# A 132 by 104 10µm-Pixel 250µW 1kefps Dynamic Vision Sensor with Pixel-Parallel Noise and Spatial Redundancy Suppression

Chenghan Li<sup>1</sup>, Luca Longinotti<sup>1</sup>, Federico Corradi<sup>2</sup>, Tobi Delbruck<sup>3</sup>

<sup>1</sup>iniVation AG, <sup>2</sup>iniLabs GmbH, <sup>3</sup>INI UZH&ETH, Zurich, Switzerland, email: chenghan.li@inivation.com

## Abstract

This paper reports a 132 by 104 dynamic vision sensor (DVS) with 10µm pixel in a 65nm logic process and a synchronous address-event representation (SAER) readout capable of 180Meps throughput. The SAER architecture allows adjustable event frame rate control and supports pre-readout pixel-parallel noise and spatial redundancy suppression. The chip consumes 250µW with 100keps running at 1k event frames per second (efps), 3-5 times more power efficient than the prior art using normalized power metrics. The chip is aimed for low power IoT and real-time high-speed smart vision applications.

Keywords: dynamic vision sensor, event-based, neuromorphic, IoT

### Introduction

Recent dynamic vision sensor (DVS) research focuses on increasing spatial resolution, which desires smaller pixels and higher information throughput. Earlier up-to-QVGA DVS with down to 18.5µm pixel achieved up to 50M events per second (eps) readout speed [1-4]. A recent VGA DVS with 9µm pixel achieved 300Meps peak readout speed [5]. However, all prior DVS relied on arbitration in at least 1 dimension of the pixel array, hence were susceptible to constantly-requesting "hot" pixels. Furthermore, as DVS pixel size shrinks, it becomes more susceptible to shot noise and junction leakage, which causes information-less noise events. No prior DVS could remove noise events before readout, which renders the effective information throughput lower than the claimed peak readout speed.

This paper reports a 132 by 104 DVS with 10µm pixel and a synchronous address-event representation (SAER) readout capable of 180Meps throughput in a 65nm logic process. The SAER architecture allows adjustable event frame rate control, eliminating "hot" pixels, and supports pre-readout pixel-parallel noise and spatial redundancy suppression. Furthermore, by optimizing with a lower 1.2V power supply voltage, the chip consumes 250µW with 100keps running at 1k event frames per second (efps), 3-5 times more power efficient than the prior art using normalized power metrics.

Figure 1 shows the schematic of a pixel and a group of 2 by 2 (2 rows by 2 columns) pixels.

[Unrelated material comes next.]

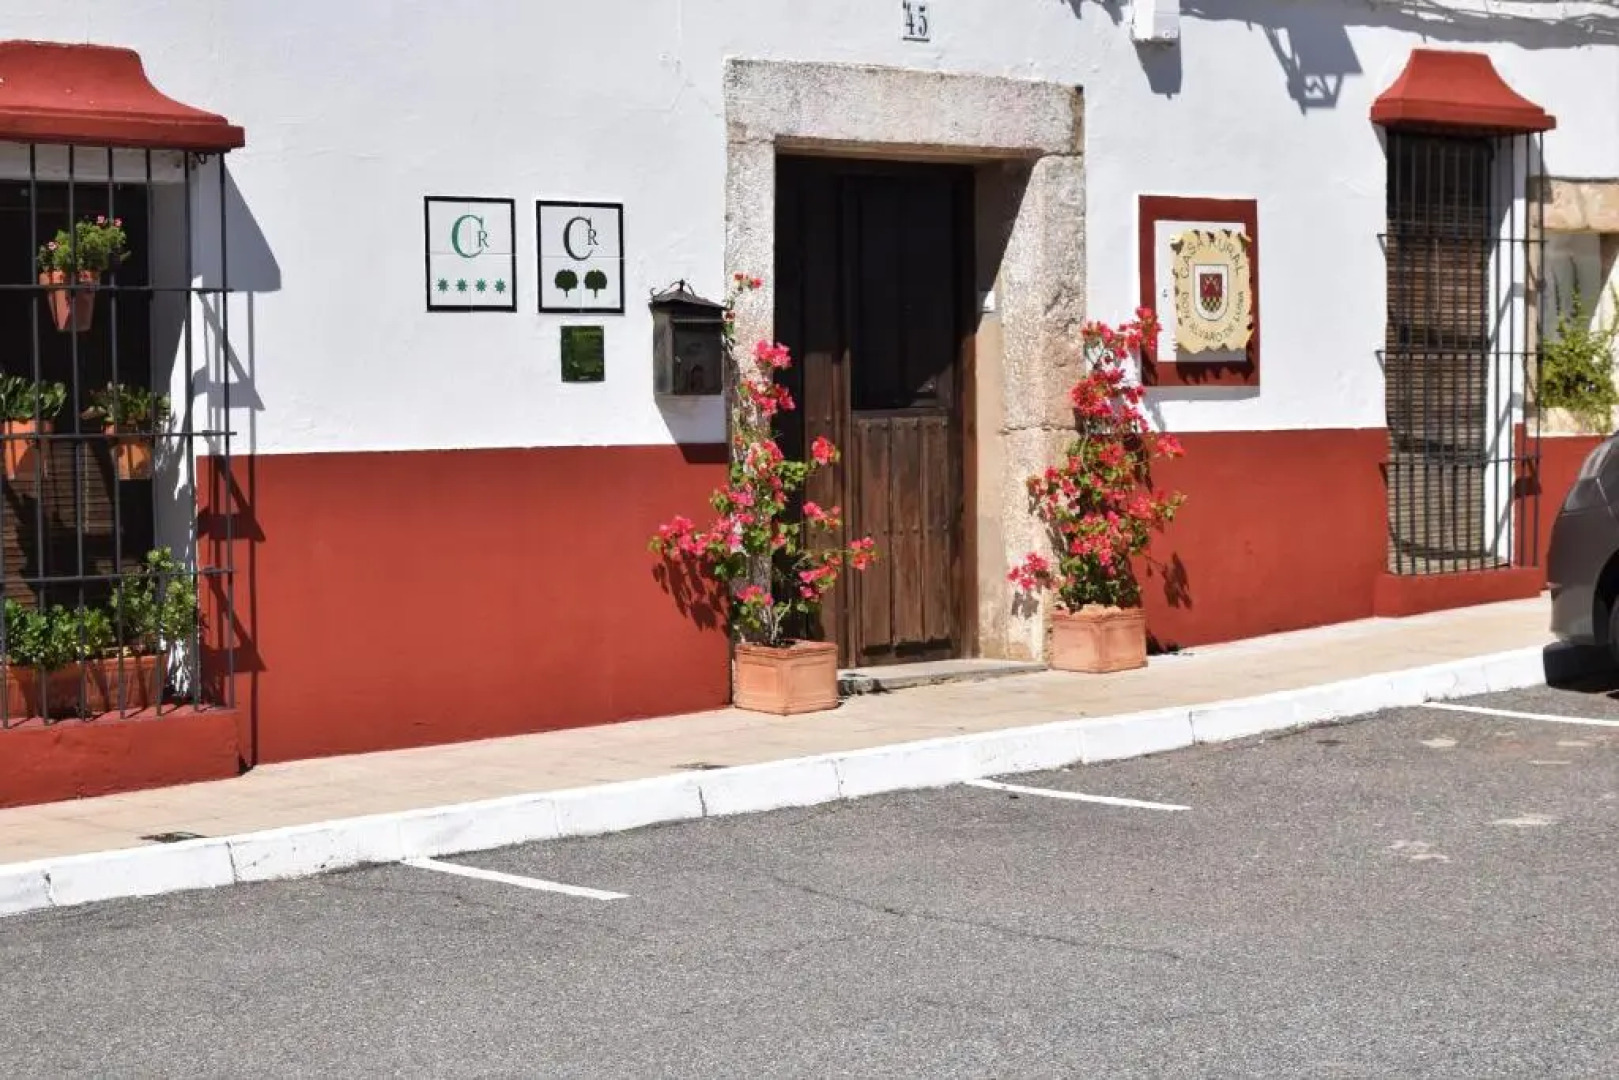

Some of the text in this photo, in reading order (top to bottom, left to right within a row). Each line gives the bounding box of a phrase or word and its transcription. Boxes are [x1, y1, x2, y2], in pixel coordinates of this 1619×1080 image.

[905, 2, 928, 37] 45
[1180, 238, 1245, 279] CASA RURAL
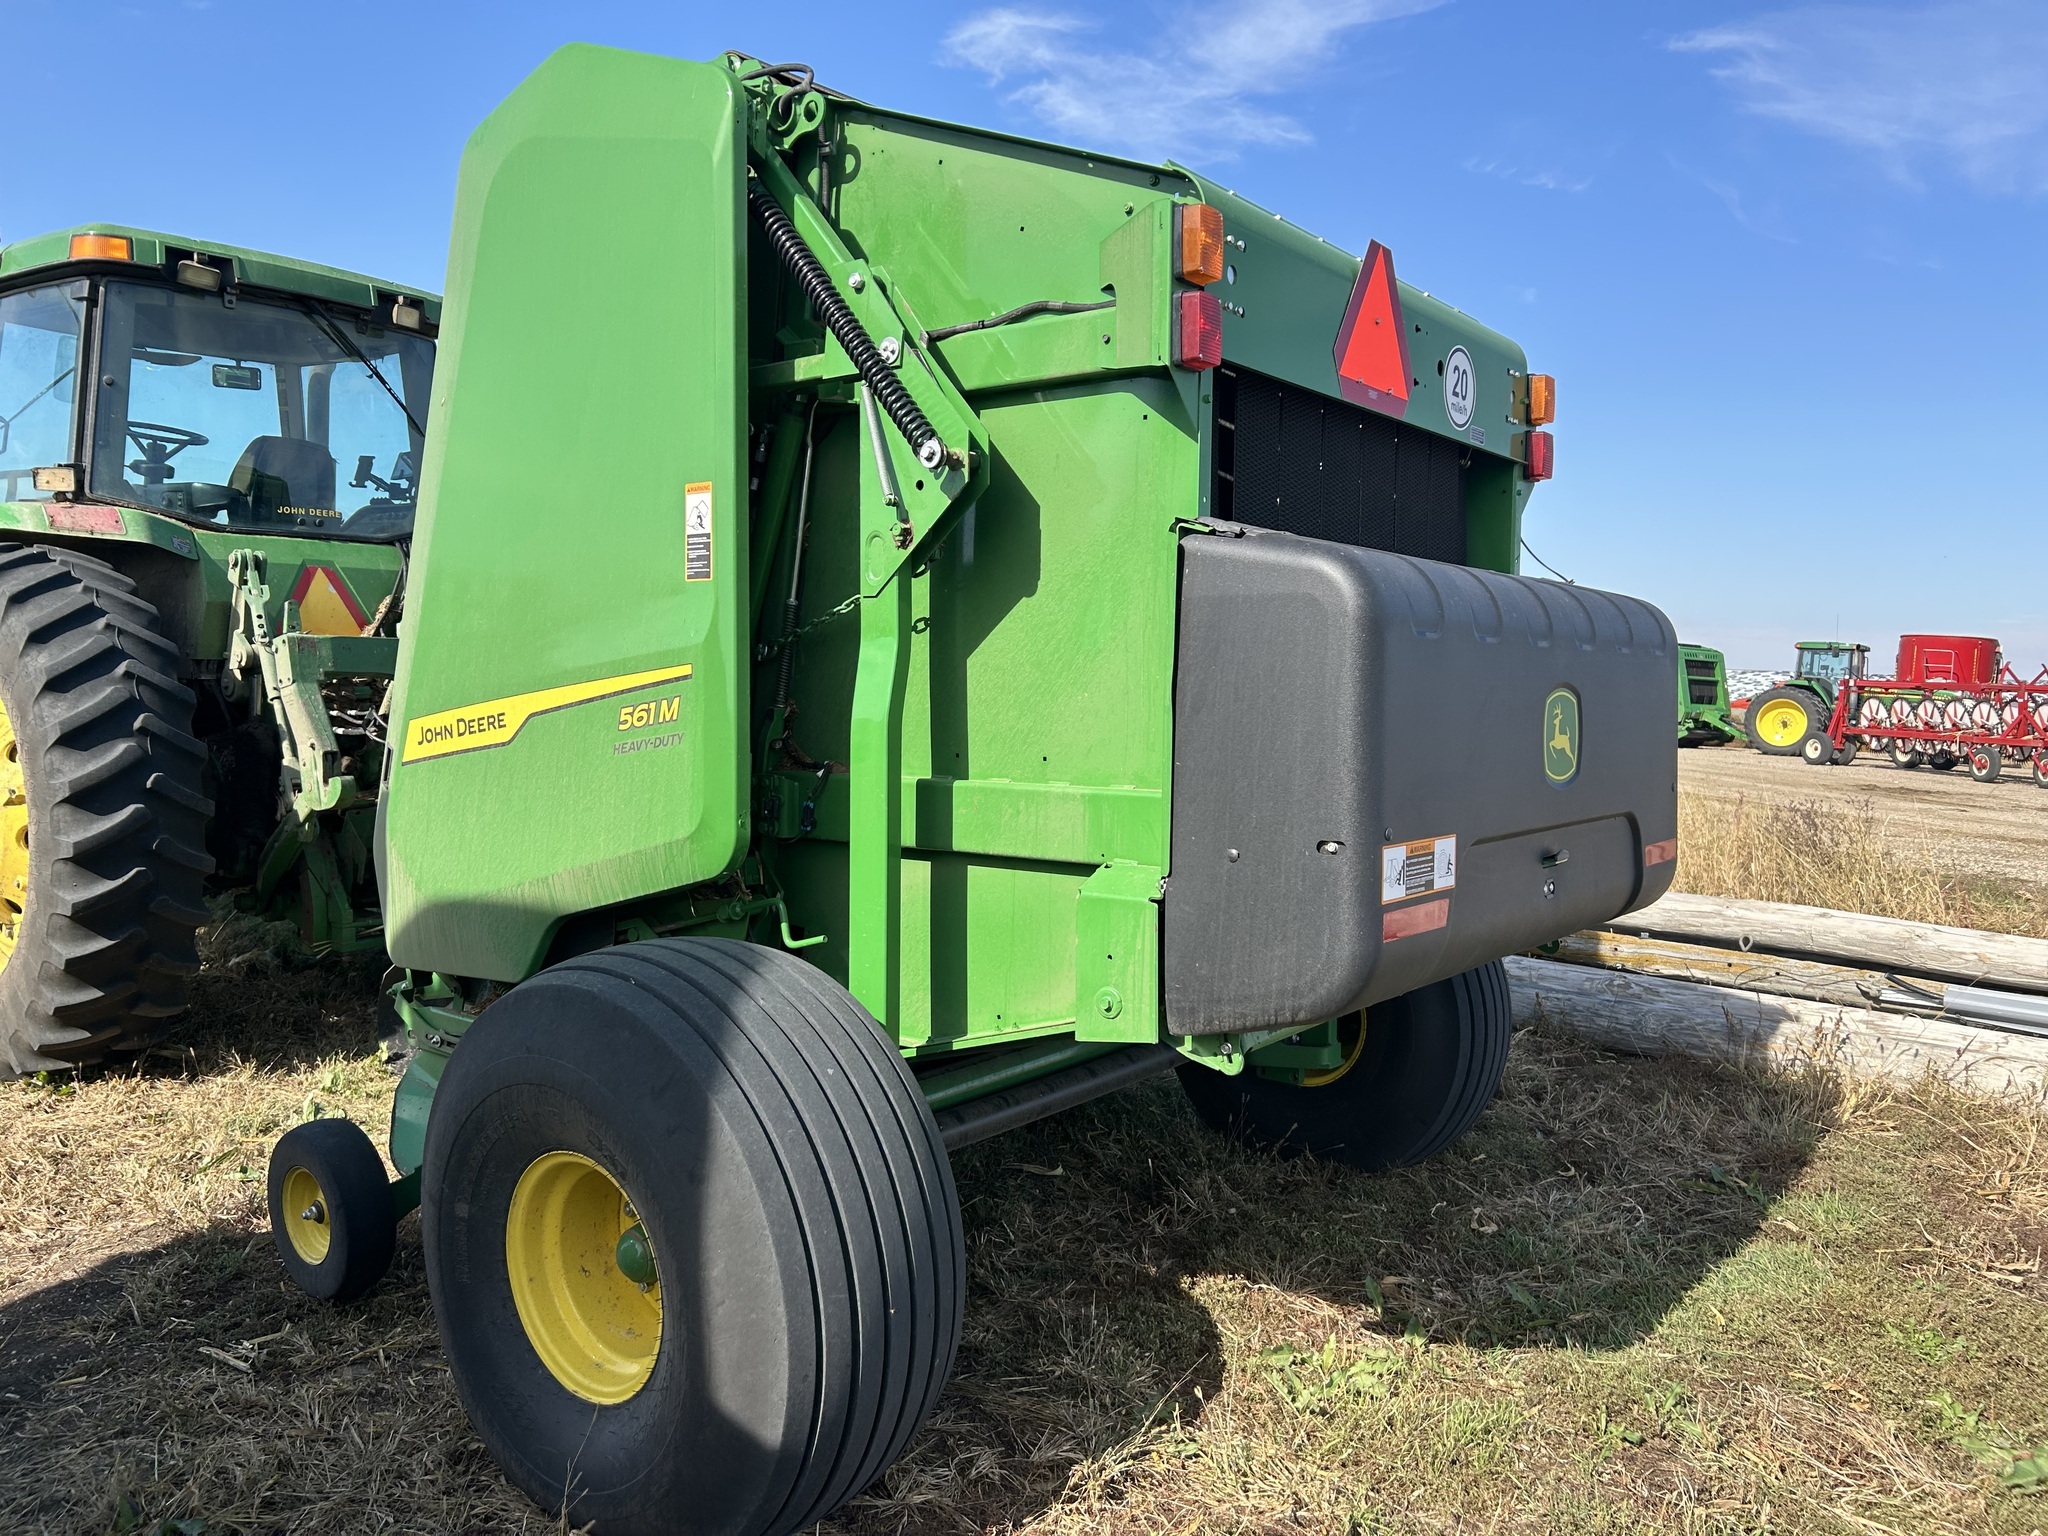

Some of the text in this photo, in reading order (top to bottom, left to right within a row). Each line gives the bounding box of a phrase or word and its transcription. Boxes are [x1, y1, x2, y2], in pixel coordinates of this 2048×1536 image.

In comparison to prior DVS works [1-6], the handshake logic is replaced by the Digital Domain circuitry. This circuitry allows the whole pixel array to be controlled synchronously SAMPLE by and RESTART. A SAMPLE pulse captures an event frame into each pixel Event Memory. Following the SAMPLE pulse, the event frame readout starts, and a RESTART pulse puts the with non-empty pixels Event Memory (ME=1) back to operation. The SAMPLE pulse frequency determines the event frame rate.



### Design

Figure 1 Schematic of a pixel and a group of 2 by 2 pixels.

Every group of 2 by 2 pixels shares a Group Spatiotemporal Correlation Logic (GSCL). After a SAMPLE pulse, the GSCL reads the Event Memory of all pixels in its group and decides via PASS whether to send the stored events using a programmable combination of 2 criteria: AL2 (at-least-2) - if there are less than 2 events stored in the group, assert PASS=0 to suppress noise events because noise events are usually spatiotemporally uncorrelated; and AM3 (atmost-3) - if there are more than 3 events stored in the group, assert PASS=0 to suppress spatially redundant events because a contiguous area of highly spatiotemporally correlated events contains little spatial information. To save space, the GSCL does not differentiate between ON and OFF events.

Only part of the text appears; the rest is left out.